In spite of the fact that we were at Haj and knew we should not concentrate on worldly matters, the man Yousif had made such an impression on our daughters’ moods that Kareem thought it best to talk the matter through and give Amani and Maha the comforting knowledge that men like Yousif were only a passing phase in a long Islamic history.
 
; After the dinner hour, our family sat and discussed the man Yousif and what he represented in the Muslim world.
We asked each of the children their thoughts on what they had heard that day.
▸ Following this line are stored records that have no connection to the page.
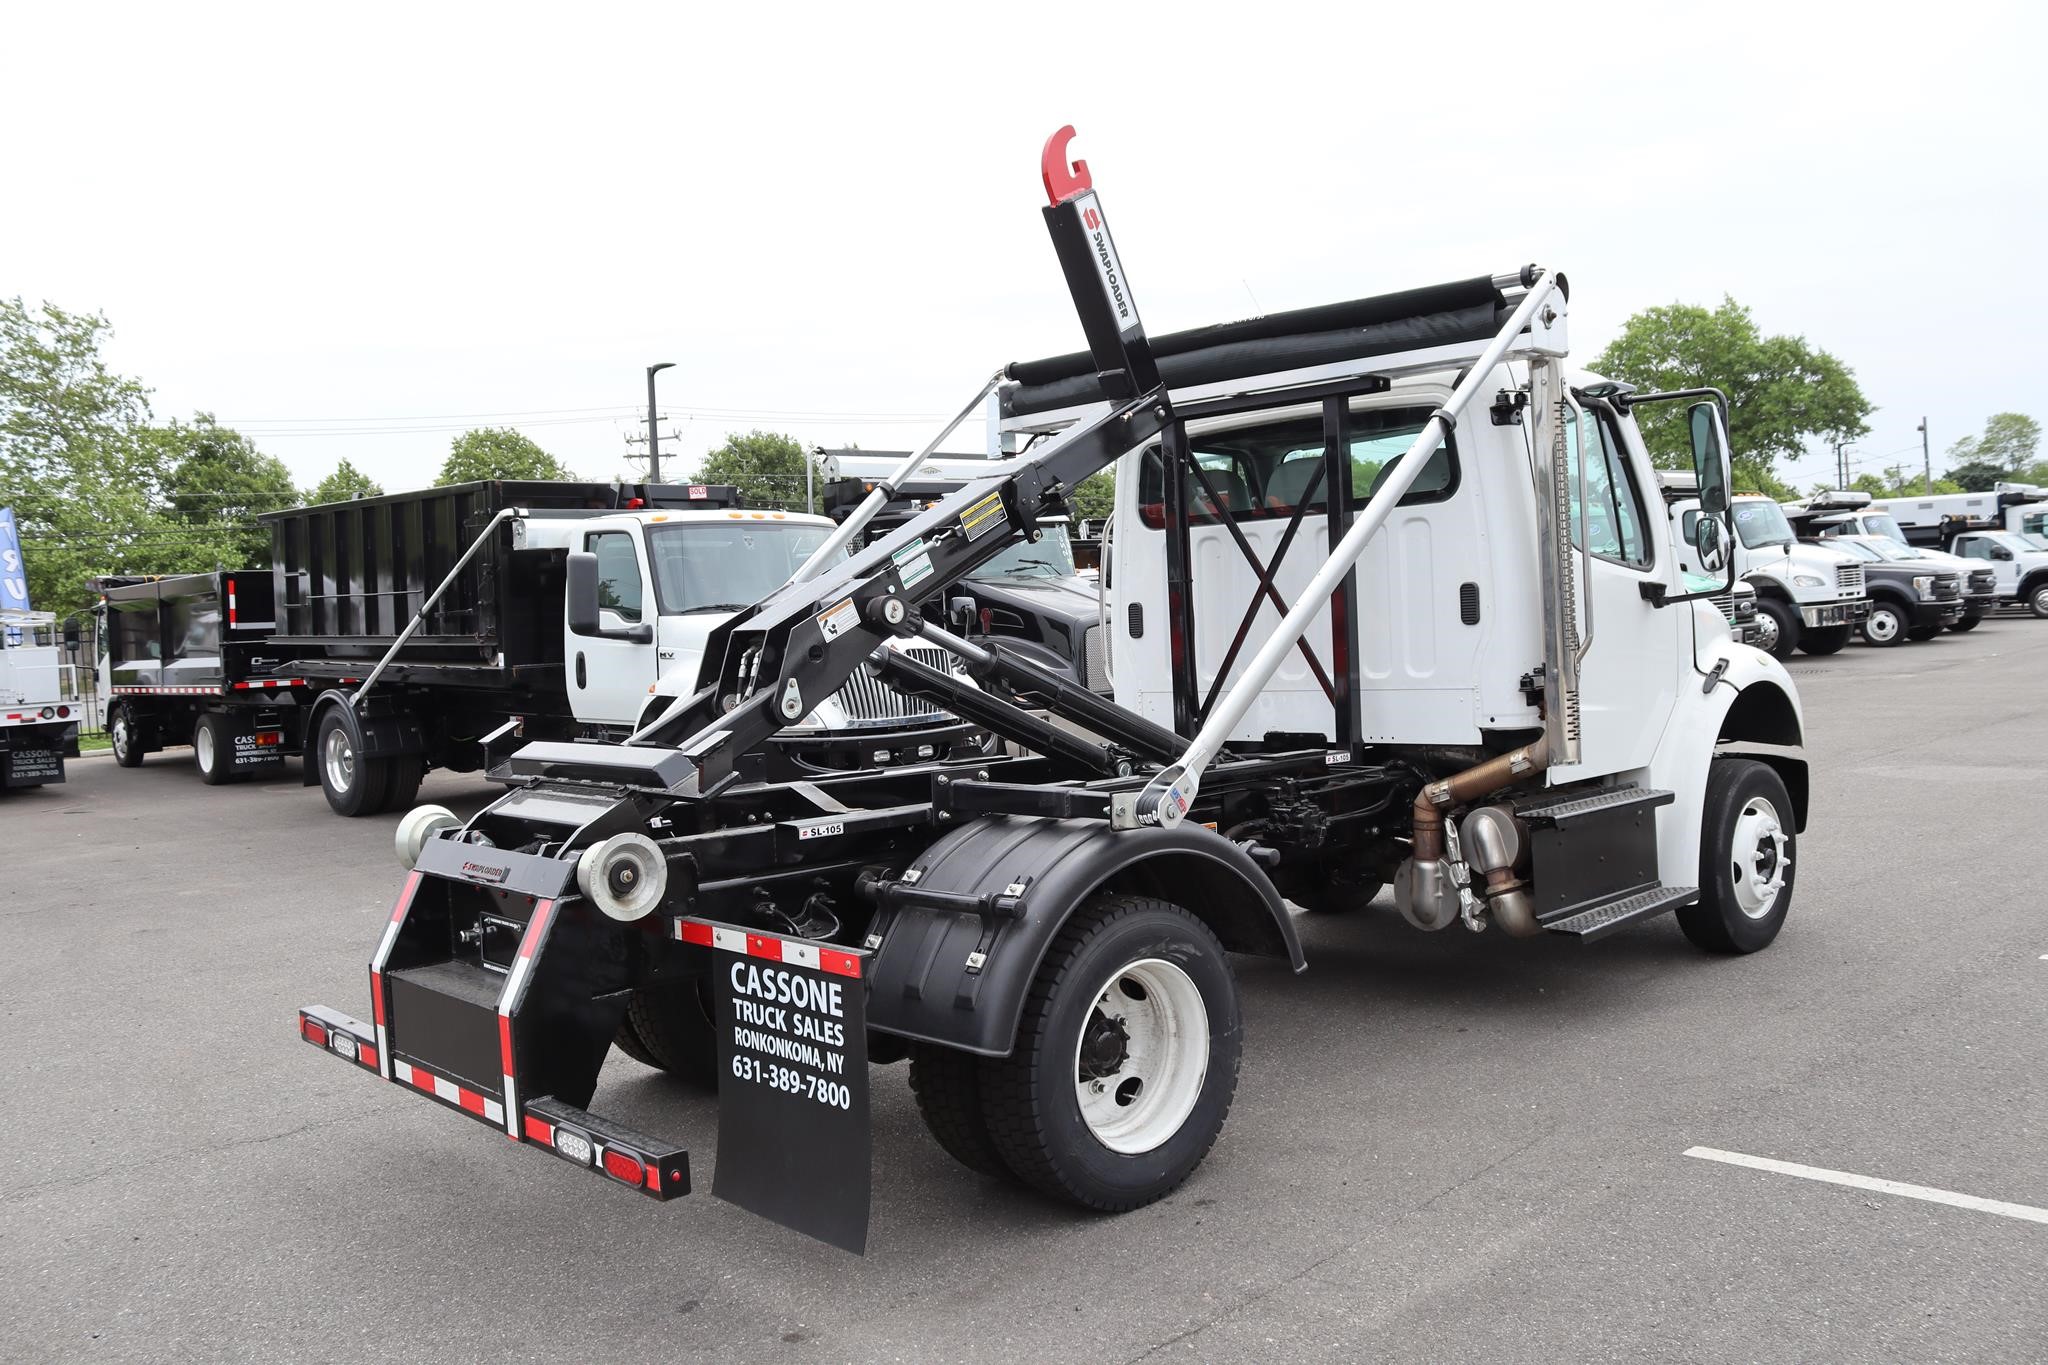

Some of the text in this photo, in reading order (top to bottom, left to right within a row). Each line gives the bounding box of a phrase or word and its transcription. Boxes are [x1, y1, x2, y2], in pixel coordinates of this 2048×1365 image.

[1094, 231, 1129, 319] SWAPLOADER
[690, 487, 706, 495] SOLD
[659, 652, 675, 660] MV
[11, 750, 51, 759] CASSON
[810, 825, 842, 837] SL-105
[730, 961, 844, 1018] CASSONE
[732, 998, 845, 1047] TRUCK SALES
[734, 1026, 845, 1075] RONKONKOMA, NY
[732, 1054, 851, 1110] 631-389-7800
Abdullah was the first to speak. Our son was plainly disturbed, saying that Islam was on the move and that it would affect each of our lives, for the extremist groups were calling for the downfall of the Saudi monarchy. He envisioned Saudi Arabia going the way of Iran, with a man like Khomeini leading our country. Abdullah predicted that his generation of Al Sa’uds would live out their lives on the French Riviera, and such a thought was distressing to him.
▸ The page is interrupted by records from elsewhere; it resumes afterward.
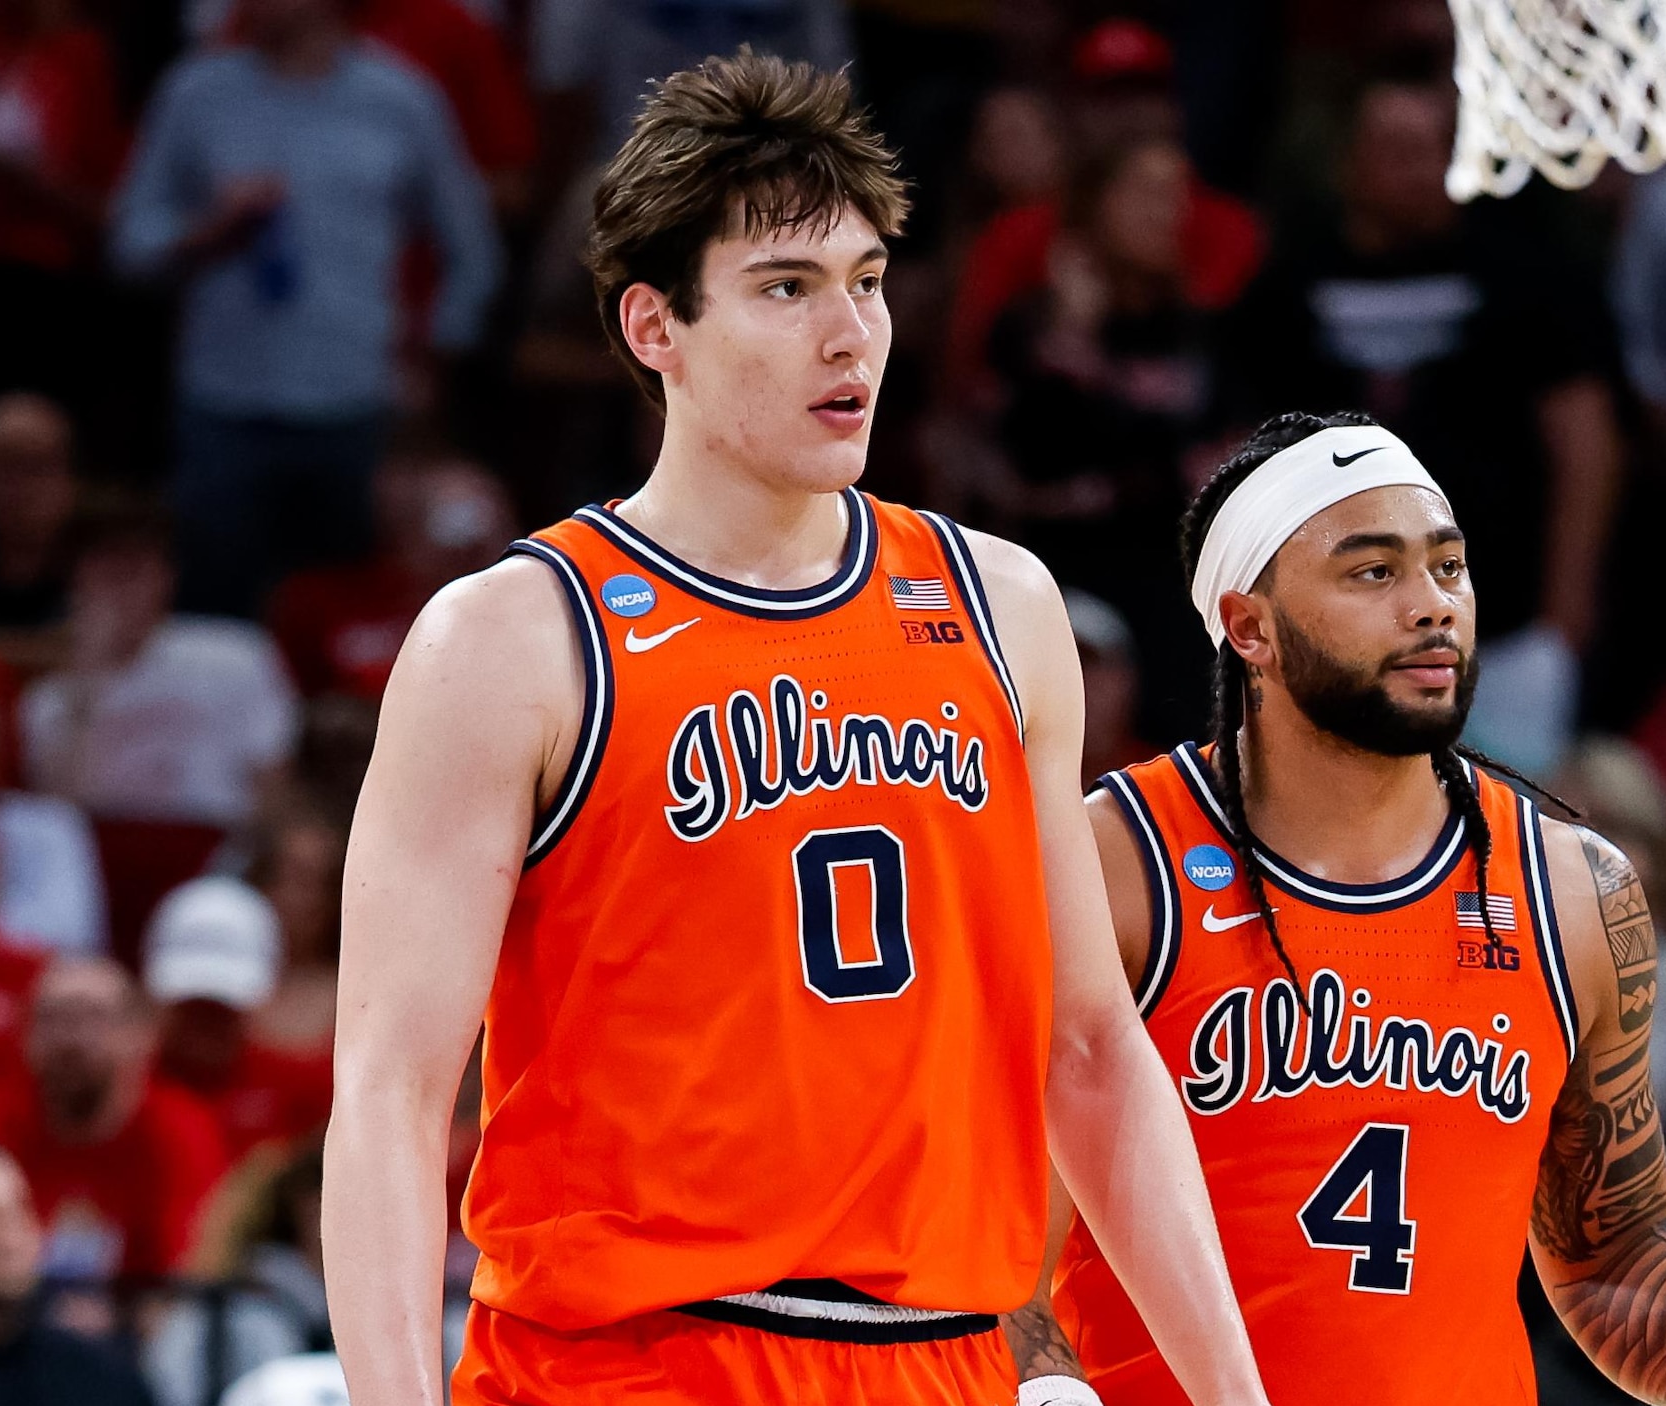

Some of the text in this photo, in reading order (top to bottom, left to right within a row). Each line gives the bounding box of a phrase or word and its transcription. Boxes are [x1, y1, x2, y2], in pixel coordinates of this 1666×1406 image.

[610, 590, 653, 608] NCAA
[664, 673, 989, 843] Illinois
[791, 824, 916, 1004] 0
[1191, 865, 1233, 879] NCAA
[1180, 968, 1531, 1124] Illinois
[1296, 1122, 1417, 1296] 4
After hearing what the man had to say about females and their value, Maha was spitting mad and wanted her father to have Yousif arrested and charged as a spy. She thought she would like to see him beheaded, even if it was on trumped-up offenses!
Amani was reflective and said that the Arabic love of all things Western was allowing men such as Yousif to gain power in Muslim countries.
Kareem and I looked at each other, neither of us liking our youngest child’s turn of thought.
Maha pinched her sister, accusing her of supporting the man’s words.
Amani denied the charge but said that she did consider the possibility that life was more simple when women’s roles were more defined and not open for discussion and change. She mentioned that in the bedouin life prior to the building of cities, men and women were not so confused as they were today.
It was as I had feared! My daughter’s thoughts were taking her back in time. She seemed to be losing pride in her femaleness, and I wondered what I could do to reinforce her sense of worth as a modern woman in an advancing civilization.
Abdullah did not understand and began to laugh, asking Amani if she longed for the time when female babies were buried in the sand! It was not too late to take up the practice, he said, Yousif could introduce us to a man who had recently killed his own daughter!